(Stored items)
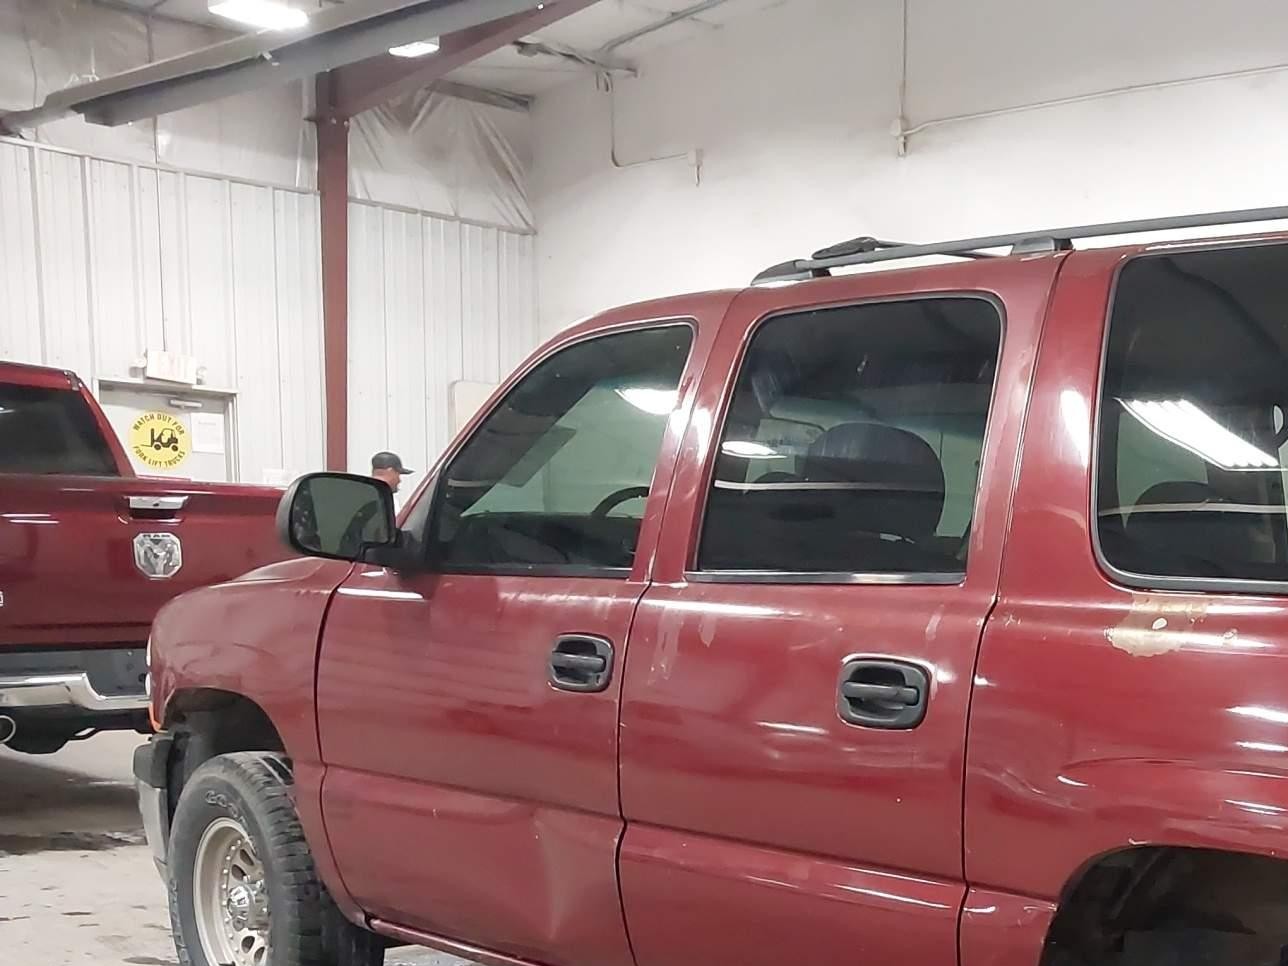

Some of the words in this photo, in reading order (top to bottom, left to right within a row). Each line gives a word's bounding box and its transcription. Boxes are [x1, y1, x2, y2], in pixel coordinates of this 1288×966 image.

[133, 413, 155, 431] WATCH
[156, 413, 172, 423] OUT
[171, 420, 185, 435] FOR
[132, 445, 148, 462] FORK
[148, 458, 162, 468] LIFT
[163, 450, 186, 468] TRUCKS
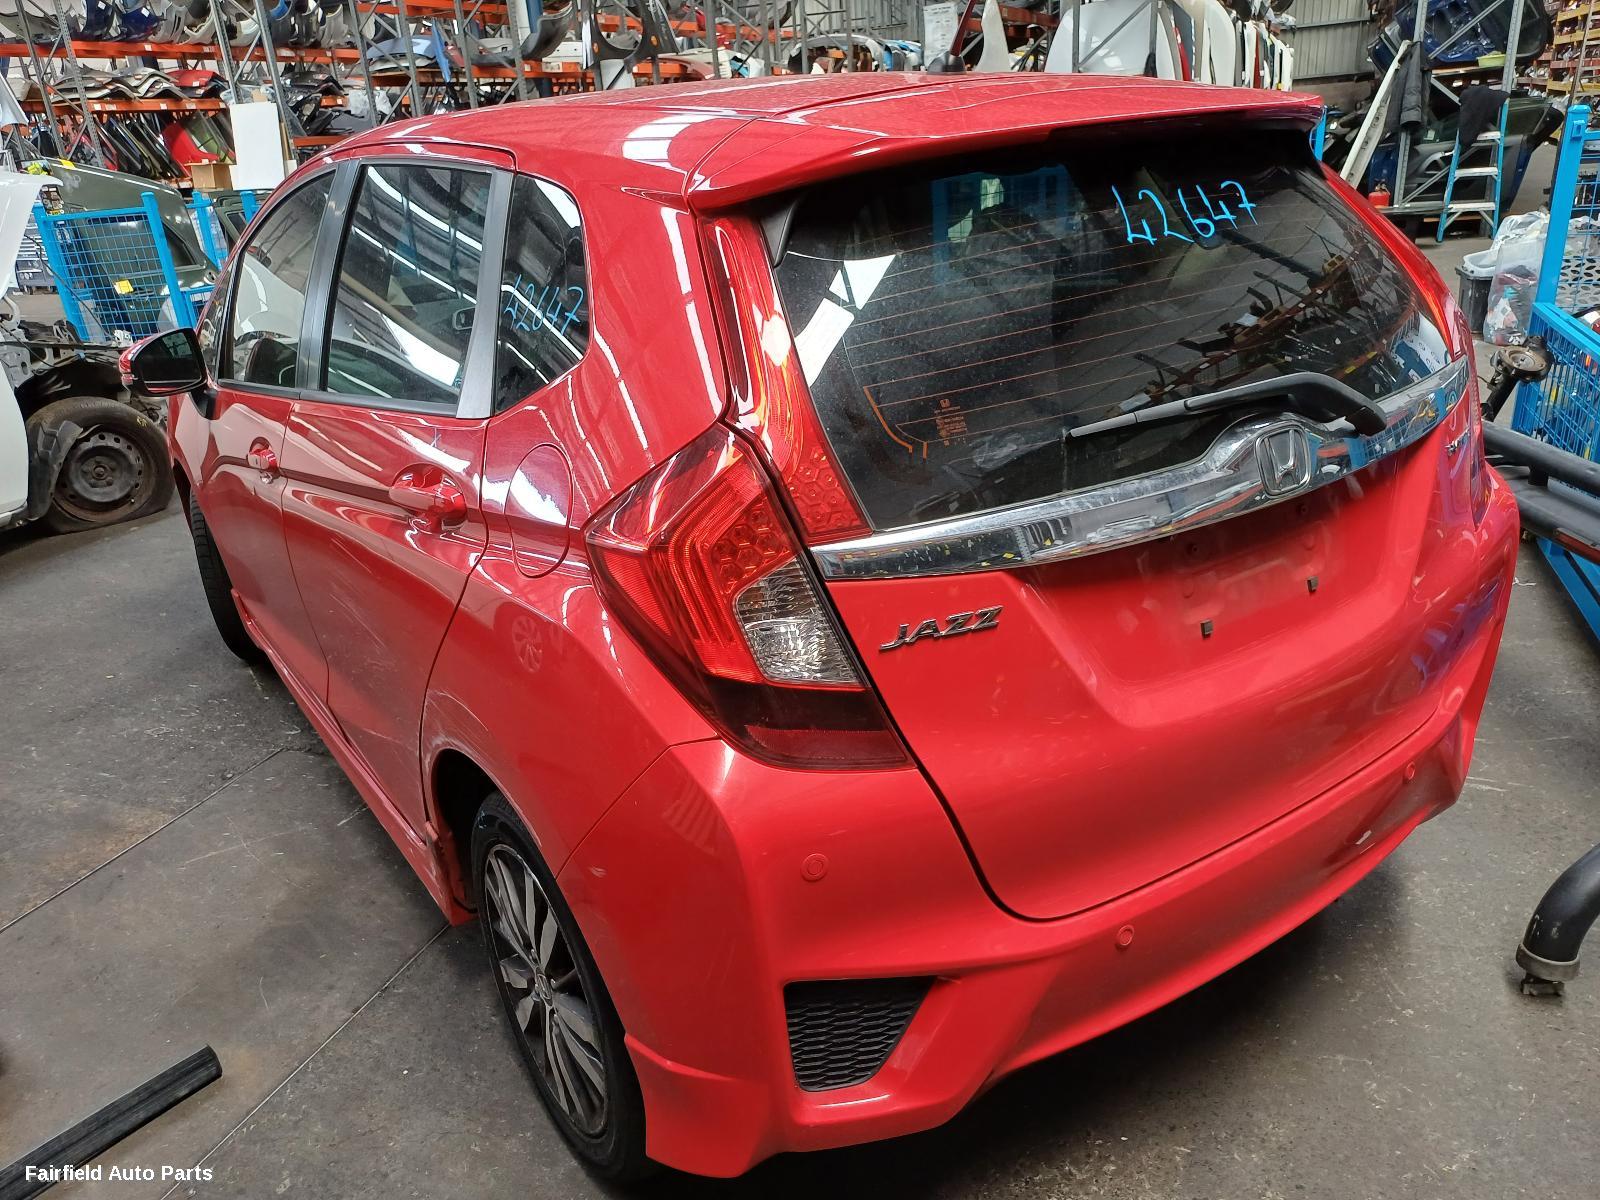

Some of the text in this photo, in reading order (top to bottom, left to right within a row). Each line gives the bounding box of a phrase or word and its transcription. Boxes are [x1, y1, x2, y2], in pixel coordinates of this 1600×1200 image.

[1111, 179, 1258, 246] 42647
[503, 273, 583, 336] 42647
[879, 605, 1004, 651] JAZZ

• [Work to complete]:
Give exactly the lines from the one with "Some of the text" to the end of the entries, nothing before them.

• [Output for this task]:
Some of the text in this photo, in reading order (top to bottom, left to right within a row). Each line gives the bounding box of a phrase or word and its transcription. Boxes are [x1, y1, x2, y2], in pixel coordinates of this 1600×1200 image.

[1111, 179, 1258, 246] 42647
[503, 273, 583, 336] 42647
[879, 605, 1004, 651] JAZZ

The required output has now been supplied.